(Data provided)
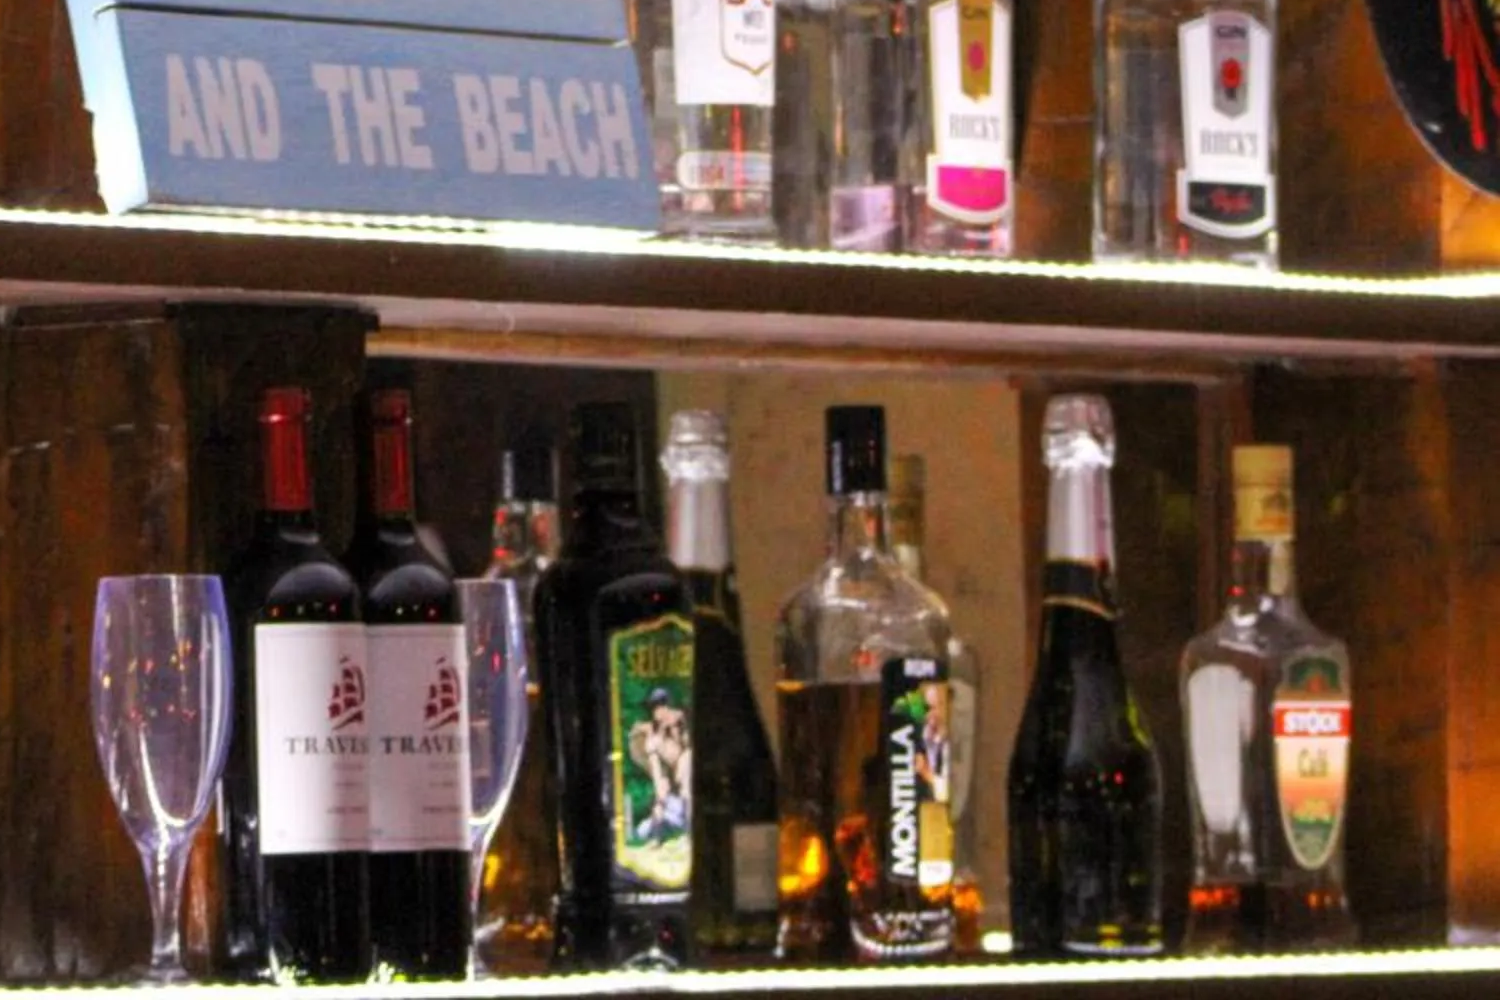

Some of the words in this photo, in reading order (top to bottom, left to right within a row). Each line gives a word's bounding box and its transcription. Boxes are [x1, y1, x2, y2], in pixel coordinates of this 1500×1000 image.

[165, 53, 282, 162] AND
[310, 62, 434, 169] THE
[452, 72, 640, 179] BEACH
[890, 724, 918, 878] MONTILLA
(End Data provided)
In your copy of the entries above, keep the text exact and leave out the pictures.

Some of the words in this photo, in reading order (top to bottom, left to right within a row). Each line gives a word's bounding box and its transcription. Boxes are [x1, y1, x2, y2], in pixel coordinates of this 1500×1000 image.

[165, 53, 282, 162] AND
[310, 62, 434, 169] THE
[452, 72, 640, 179] BEACH
[890, 724, 918, 878] MONTILLA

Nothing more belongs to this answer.